### YOUR INSTRUCTIONS
Whenever the string "Especial" turns up in a line below, that line should be copied.

### EXCERPTED DATA
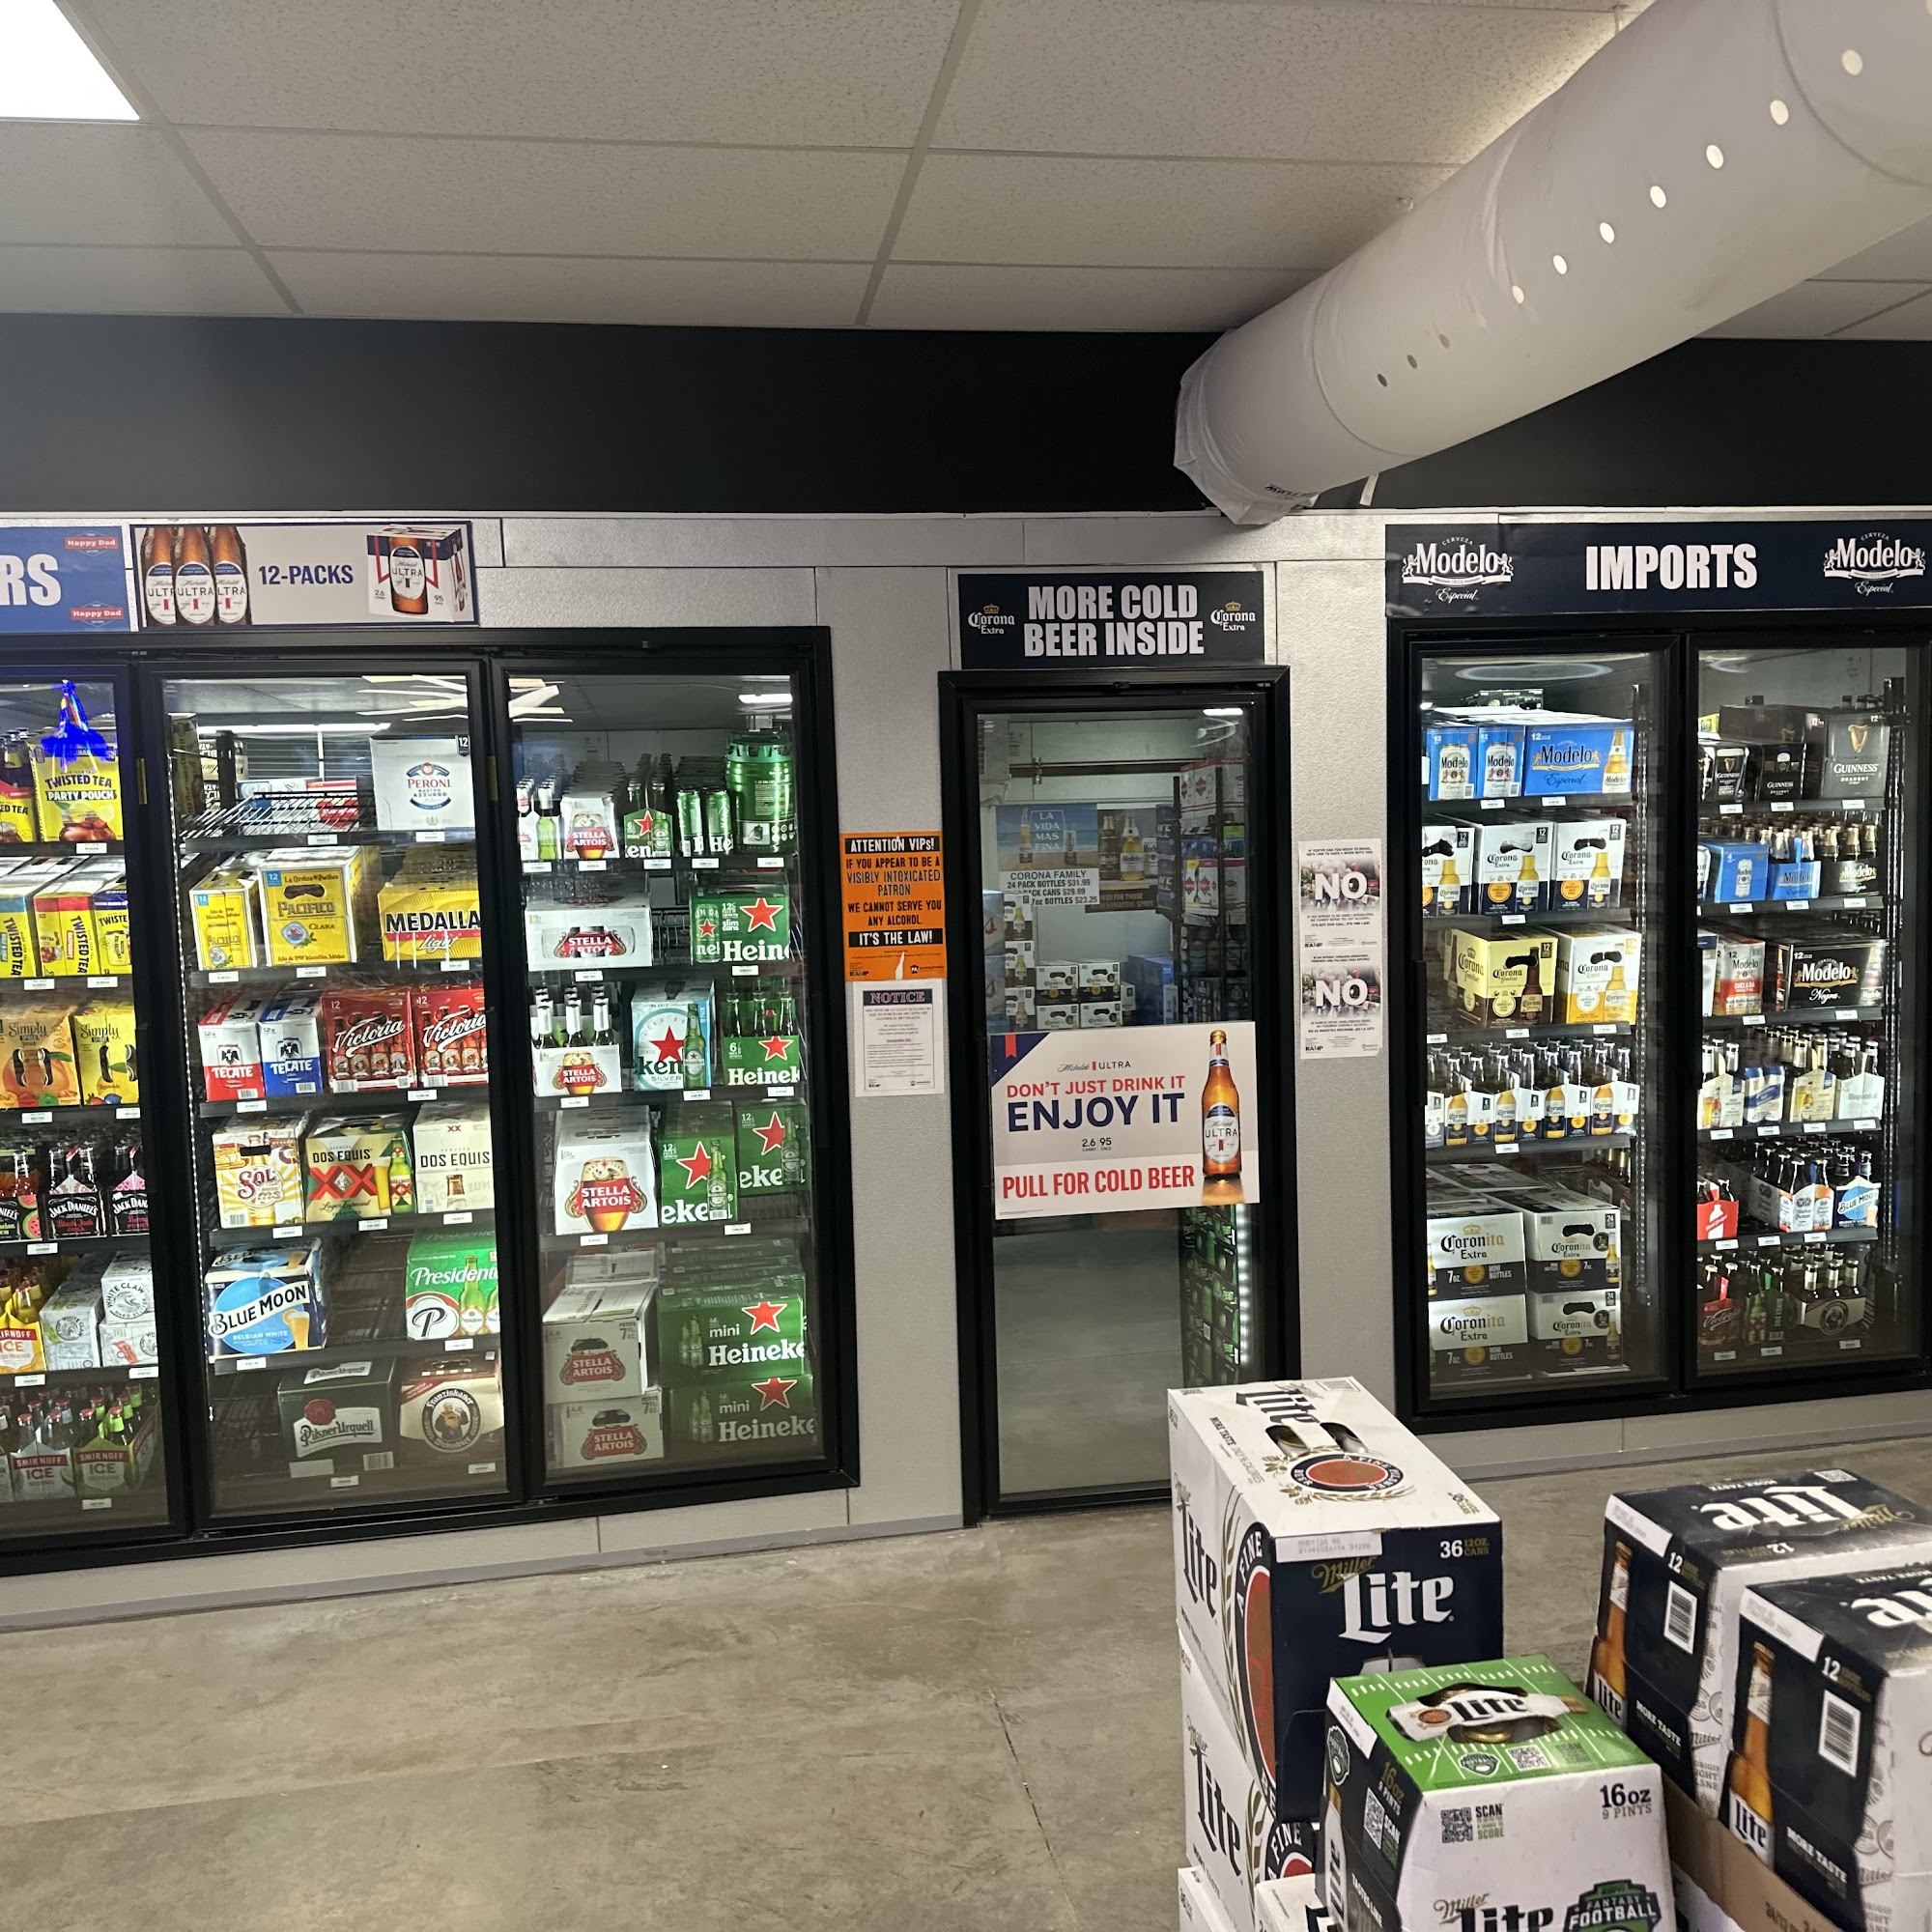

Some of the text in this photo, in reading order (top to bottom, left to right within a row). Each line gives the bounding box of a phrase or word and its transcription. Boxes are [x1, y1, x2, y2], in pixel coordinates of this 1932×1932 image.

[1415, 543, 1499, 574] Modelo
[1836, 538, 1913, 568] Modelo
[259, 564, 355, 585] 12-PACKS
[391, 567, 423, 577] ULTRA
[1586, 543, 1757, 591] IMPORTS
[177, 587, 214, 596] ULTRA
[1435, 587, 1479, 604] Especial
[1855, 581, 1894, 596] Especial
[1028, 584, 1198, 620] MORE COLD
[968, 611, 1015, 629] Corona
[1210, 609, 1256, 626] Corona
[980, 625, 1005, 635] Extra
[1222, 621, 1246, 632] Extra
[1024, 621, 1205, 657] BEER INSIDE
[459, 737, 469, 747] 12
[1441, 756, 1468, 769] Modelo
[1541, 745, 1592, 765] Modelo
[1833, 763, 1879, 774] GUINNESS
[44, 774, 112, 789] TWISTED TEA
[408, 779, 451, 788] PERONI
[48, 790, 115, 801] PARTY POUCH
[1039, 811, 1054, 820] LA
[1034, 822, 1061, 831] VIDA
[572, 830, 605, 839] STELLA
[573, 838, 608, 846] ARTOIS
[850, 838, 934, 853] ATTENTION VIPs!
[845, 856, 940, 869] IF YOU APPEAR TO BE A
[1487, 851, 1519, 864] Corona
[1561, 850, 1592, 863] Corona
[847, 869, 941, 884] VISIBLY INTOXICATED
[1010, 870, 1087, 881] CORONA FAMILY
[878, 885, 911, 896] PATRON
[1017, 880, 1036, 889] PACK
[1315, 871, 1368, 900] NO
[277, 901, 336, 918] PACIFICO
[848, 899, 942, 913] WE CANNOT SERVE YOU
[99, 915, 128, 927] TWISTE
[386, 911, 481, 932] MEDALLA
[867, 916, 884, 926] ANY
[568, 937, 612, 946] STELLA
[859, 930, 933, 946] IT'S THE LAW!
[1578, 964, 1608, 975] Corona
[1733, 959, 1759, 969] Modelo
[1492, 968, 1522, 979] Corona
[1802, 962, 1851, 982] Modelo
[869, 991, 925, 1004] NOTICE
[1315, 978, 1368, 1007] NO
[9, 1021, 49, 1041] Simply
[80, 1022, 121, 1039] Simply
[332, 1019, 406, 1058] Victoria
[212, 1065, 254, 1079] TECATE
[272, 1060, 313, 1075] TECATE
[1098, 1061, 1131, 1069] ULTRA
[1007, 1075, 1185, 1098] DON'T JUST DRINK IT
[1008, 1093, 1185, 1132] ENJOY IT
[1205, 1128, 1238, 1138] ULTRA
[1082, 1138, 1096, 1148] 2.6
[1099, 1137, 1112, 1146] 95
[313, 1149, 372, 1163] DOS EQUIS
[420, 1151, 490, 1168] DOS EQUIS
[238, 1166, 276, 1199] SOL
[308, 1164, 378, 1201] XX
[1003, 1165, 1195, 1199] PULL FOR COLD BEER
[582, 1187, 630, 1198] STELLA
[49, 1201, 99, 1218] JACK DANIEL'S
[582, 1196, 632, 1208] ARTOIS
[1440, 1234, 1505, 1254] Coronita
[1551, 1241, 1591, 1254] Coronita
[1461, 1249, 1488, 1260] Extra
[1489, 1270, 1513, 1279] BOTTLES
[106, 1282, 145, 1308] WHITE CLAW
[211, 1285, 307, 1335] BLUE MOON
[709, 1323, 740, 1338] mini
[1440, 1316, 1506, 1336] Coronita
[572, 1357, 611, 1368] STELLA
[573, 1366, 613, 1378] ARTOIS
[426, 1389, 474, 1409] Franziskaner
[299, 1420, 375, 1448] Pilsner Urquell
[16, 1457, 63, 1467] SMIRNOFF
[26, 1468, 54, 1480] ICE
[1439, 1540, 1463, 1559] 36
[1463, 1547, 1489, 1556] CANS
[1668, 1551, 1684, 1574] 12
[1338, 1572, 1454, 1644] Lite
[1822, 1656, 1842, 1681] 12
[1597, 1673, 1622, 1719] Lite
[1449, 1694, 1529, 1723] Lite
[1635, 1699, 1682, 1747] MORE TASTE
[1600, 1782, 1652, 1808] 16oz
[1475, 1805, 1503, 1818] SCAN
[1602, 1804, 1653, 1820] 9 PINTS
[1735, 1799, 1767, 1848] Lite
[1477, 1827, 1505, 1839] SCORE
[1270, 1822, 1302, 1864] FINE
[1786, 1825, 1848, 1884] MORE TASTE
[1434, 1893, 1489, 1926] Miller
[1586, 1894, 1640, 1910] FANTASY
[1569, 1903, 1658, 1930] FOOTBALL

### RESULT
[1435, 587, 1479, 604] Especial
[1855, 581, 1894, 596] Especial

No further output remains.